#### DATA TO USE

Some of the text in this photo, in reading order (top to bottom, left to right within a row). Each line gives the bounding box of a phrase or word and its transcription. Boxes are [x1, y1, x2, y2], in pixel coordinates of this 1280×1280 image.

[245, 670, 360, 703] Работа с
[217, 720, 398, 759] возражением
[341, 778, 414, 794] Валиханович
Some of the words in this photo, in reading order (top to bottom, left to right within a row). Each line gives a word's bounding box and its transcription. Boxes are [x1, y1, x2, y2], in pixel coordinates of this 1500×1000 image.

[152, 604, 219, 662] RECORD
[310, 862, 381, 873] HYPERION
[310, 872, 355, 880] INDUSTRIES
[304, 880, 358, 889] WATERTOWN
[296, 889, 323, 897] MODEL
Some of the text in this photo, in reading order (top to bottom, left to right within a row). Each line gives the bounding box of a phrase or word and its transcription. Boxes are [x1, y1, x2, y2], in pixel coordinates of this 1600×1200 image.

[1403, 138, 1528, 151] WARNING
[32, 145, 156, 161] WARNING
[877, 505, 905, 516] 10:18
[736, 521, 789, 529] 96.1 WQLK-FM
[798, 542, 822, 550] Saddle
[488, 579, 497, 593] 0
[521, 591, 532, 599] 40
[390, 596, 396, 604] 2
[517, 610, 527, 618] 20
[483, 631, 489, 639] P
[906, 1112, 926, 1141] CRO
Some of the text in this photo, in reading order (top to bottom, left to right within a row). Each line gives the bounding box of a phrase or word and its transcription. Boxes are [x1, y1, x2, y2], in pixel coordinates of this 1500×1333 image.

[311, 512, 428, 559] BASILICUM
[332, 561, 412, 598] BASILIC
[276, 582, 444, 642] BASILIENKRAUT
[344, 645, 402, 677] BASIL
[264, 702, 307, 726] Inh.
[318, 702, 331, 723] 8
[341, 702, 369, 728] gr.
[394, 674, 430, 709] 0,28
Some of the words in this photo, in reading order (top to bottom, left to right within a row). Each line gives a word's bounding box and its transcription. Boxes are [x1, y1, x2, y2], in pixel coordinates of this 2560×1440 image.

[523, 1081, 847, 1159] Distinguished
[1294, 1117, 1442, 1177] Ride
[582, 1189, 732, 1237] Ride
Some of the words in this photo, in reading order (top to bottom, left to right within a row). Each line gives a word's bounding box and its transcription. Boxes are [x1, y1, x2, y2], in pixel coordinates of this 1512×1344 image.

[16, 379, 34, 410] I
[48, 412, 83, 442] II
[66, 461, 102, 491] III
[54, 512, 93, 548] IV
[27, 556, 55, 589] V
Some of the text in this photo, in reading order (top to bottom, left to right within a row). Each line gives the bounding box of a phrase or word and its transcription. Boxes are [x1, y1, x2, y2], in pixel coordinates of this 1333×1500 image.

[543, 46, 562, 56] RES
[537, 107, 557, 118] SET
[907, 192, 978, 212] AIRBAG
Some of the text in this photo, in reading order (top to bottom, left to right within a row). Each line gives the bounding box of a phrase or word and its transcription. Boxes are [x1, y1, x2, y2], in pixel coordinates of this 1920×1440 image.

########

Your task is to copy exactly, and only, the lines from the line with "this 1333×1500 image." through the last line of the entries, both included.

Some of the text in this photo, in reading order (top to bottom, left to right within a row). Each line gives the bounding box of a phrase or word and its transcription. Boxes are [x1, y1, x2, y2], in pixel coordinates of this 1333×1500 image.

[543, 46, 562, 56] RES
[537, 107, 557, 118] SET
[907, 192, 978, 212] AIRBAG
Some of the text in this photo, in reading order (top to bottom, left to right within a row). Each line gives the bounding box of a phrase or word and its transcription. Boxes are [x1, y1, x2, y2], in pixel coordinates of this 1920×1440 image.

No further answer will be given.